* [YOUR ASSIGNMENT]: Without the pictures, copy the entries below word for word.

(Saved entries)
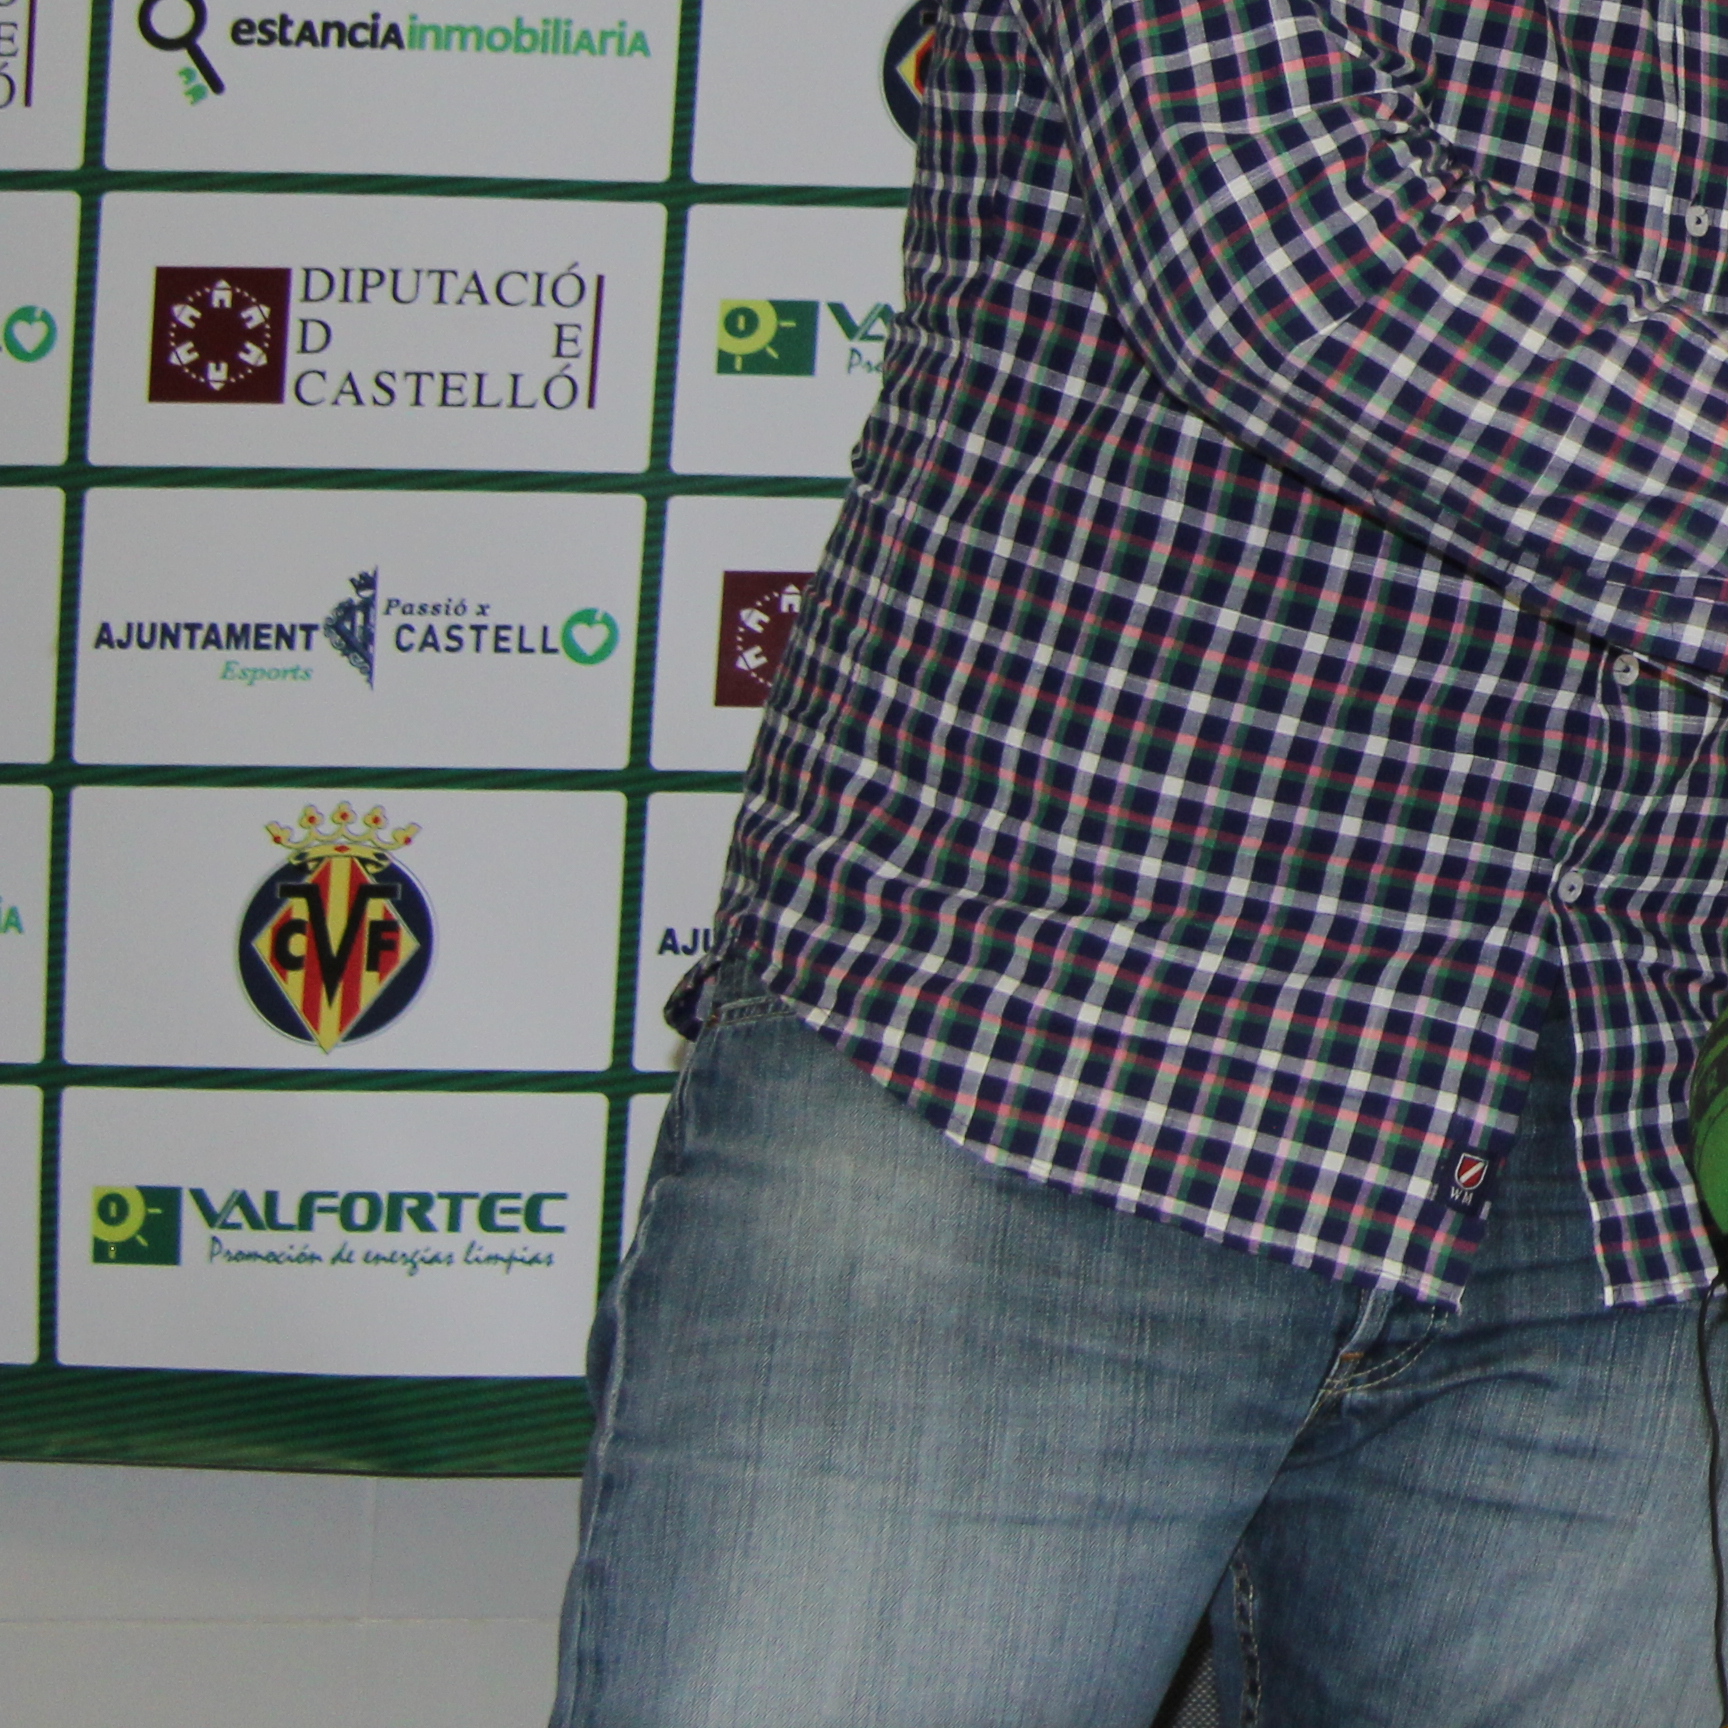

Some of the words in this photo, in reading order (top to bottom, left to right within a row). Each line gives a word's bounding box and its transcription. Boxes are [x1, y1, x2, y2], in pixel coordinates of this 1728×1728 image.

[300, 262, 586, 308] DIPUTACIÓ
[294, 364, 578, 410] CASTELLÓ
[383, 598, 468, 616] Passió
[94, 622, 320, 651] AJUNTAMENT
[219, 661, 313, 686] Esports
[189, 1188, 568, 1233] VALFORTEC
[209, 1235, 323, 1263] Promoción
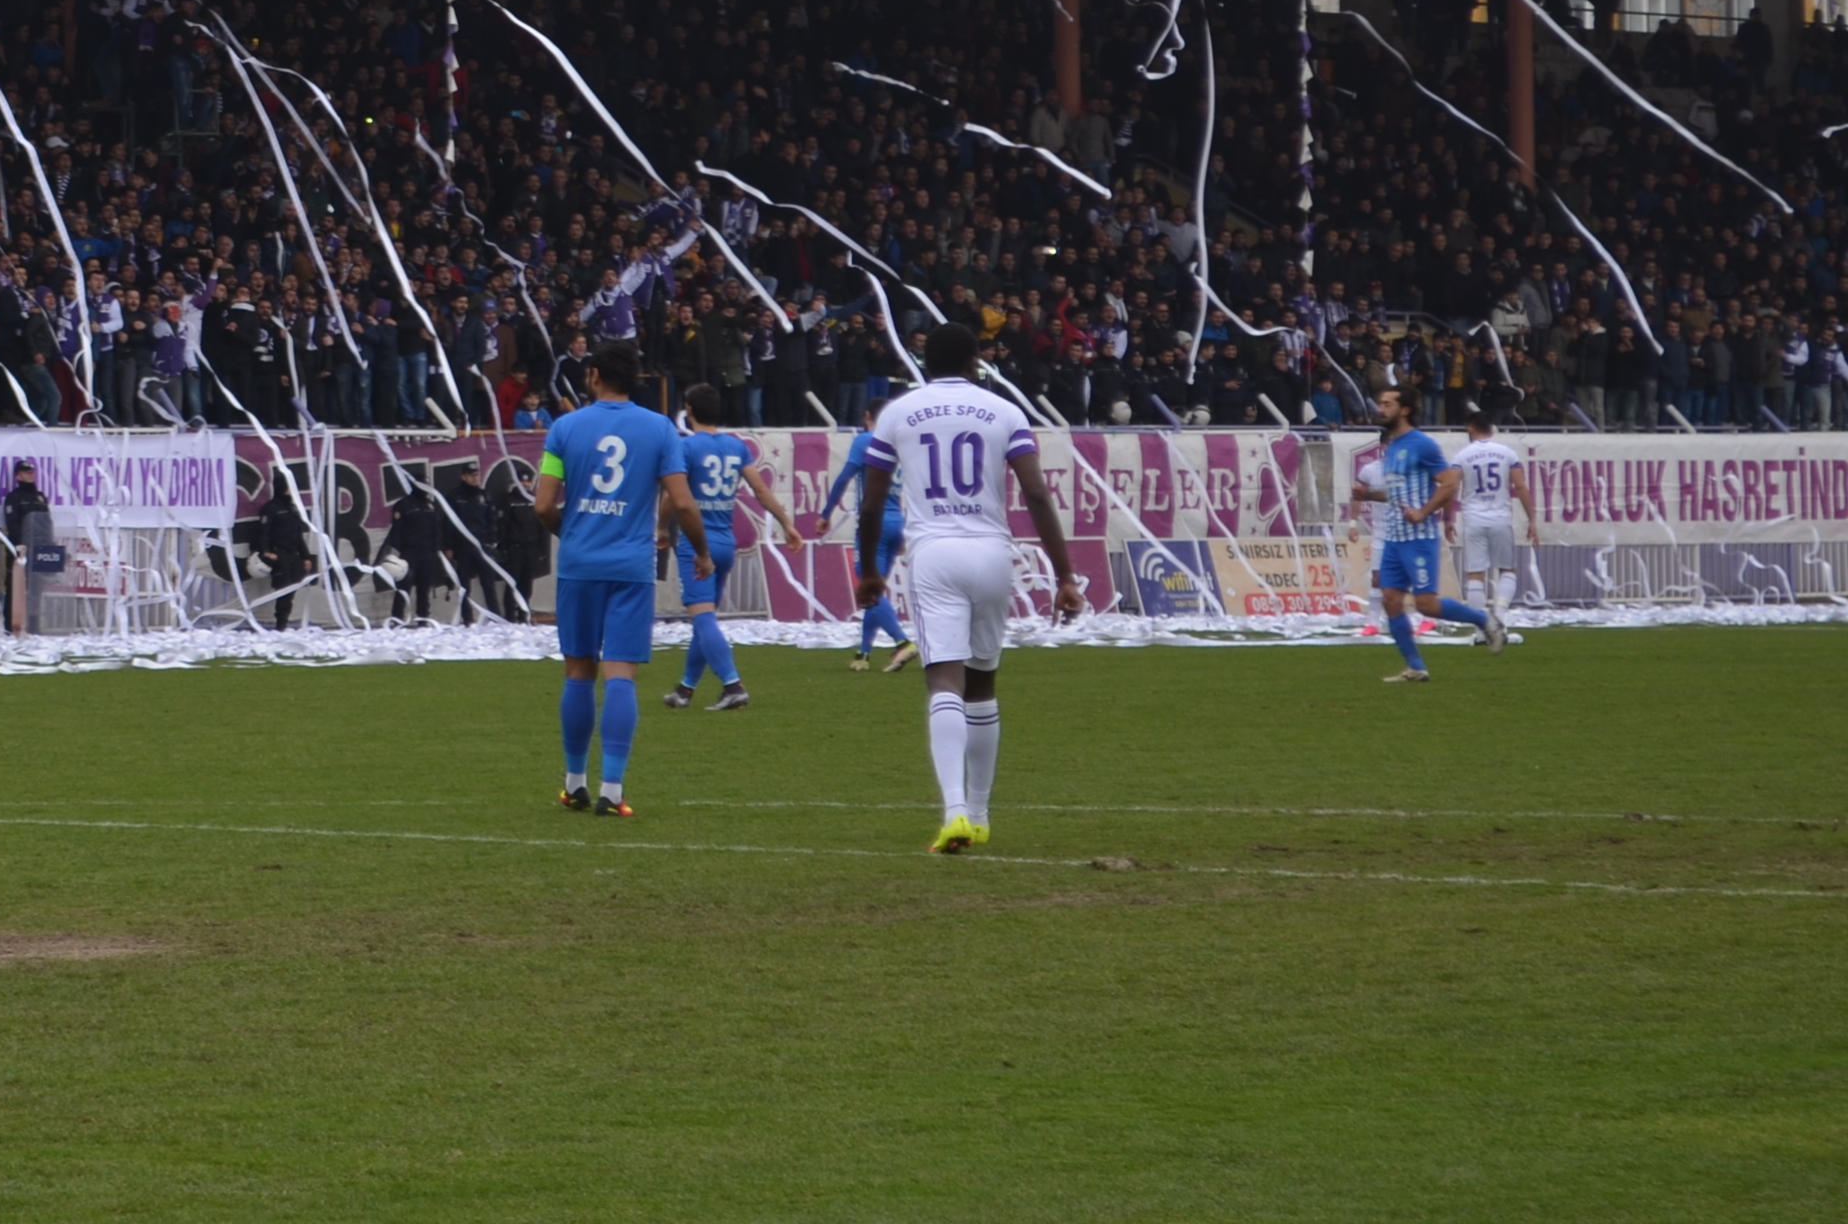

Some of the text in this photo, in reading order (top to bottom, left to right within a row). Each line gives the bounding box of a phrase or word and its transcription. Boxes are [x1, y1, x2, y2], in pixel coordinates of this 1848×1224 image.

[906, 404, 996, 427] GEBZE SPOR
[591, 434, 627, 494] 3
[700, 454, 742, 497] 35
[919, 430, 985, 500] 10
[1473, 462, 1501, 494] 15
[37, 551, 60, 562] POLİS
[1226, 544, 1283, 559] SNIRSIZ
[1308, 564, 1335, 587] 25

* [SOLUTION]:
Some of the words in this photo, in reading order (top to bottom, left to right within a row). Each line gives a word's bounding box and its transcription. Boxes are [x1, y1, x2, y2], in pixel coordinates of this 1728×1728 image.

[300, 262, 586, 308] DIPUTACIÓ
[294, 364, 578, 410] CASTELLÓ
[383, 598, 468, 616] Passió
[94, 622, 320, 651] AJUNTAMENT
[219, 661, 313, 686] Esports
[189, 1188, 568, 1233] VALFORTEC
[209, 1235, 323, 1263] Promoción

Some of the text in this photo, in reading order (top to bottom, left to right within a row). Each line gives the bounding box of a phrase or word and its transcription. Boxes are [x1, y1, x2, y2], in pixel coordinates of this 1848×1224 image.

[906, 404, 996, 427] GEBZE SPOR
[591, 434, 627, 494] 3
[700, 454, 742, 497] 35
[919, 430, 985, 500] 10
[1473, 462, 1501, 494] 15
[37, 551, 60, 562] POLİS
[1226, 544, 1283, 559] SNIRSIZ
[1308, 564, 1335, 587] 25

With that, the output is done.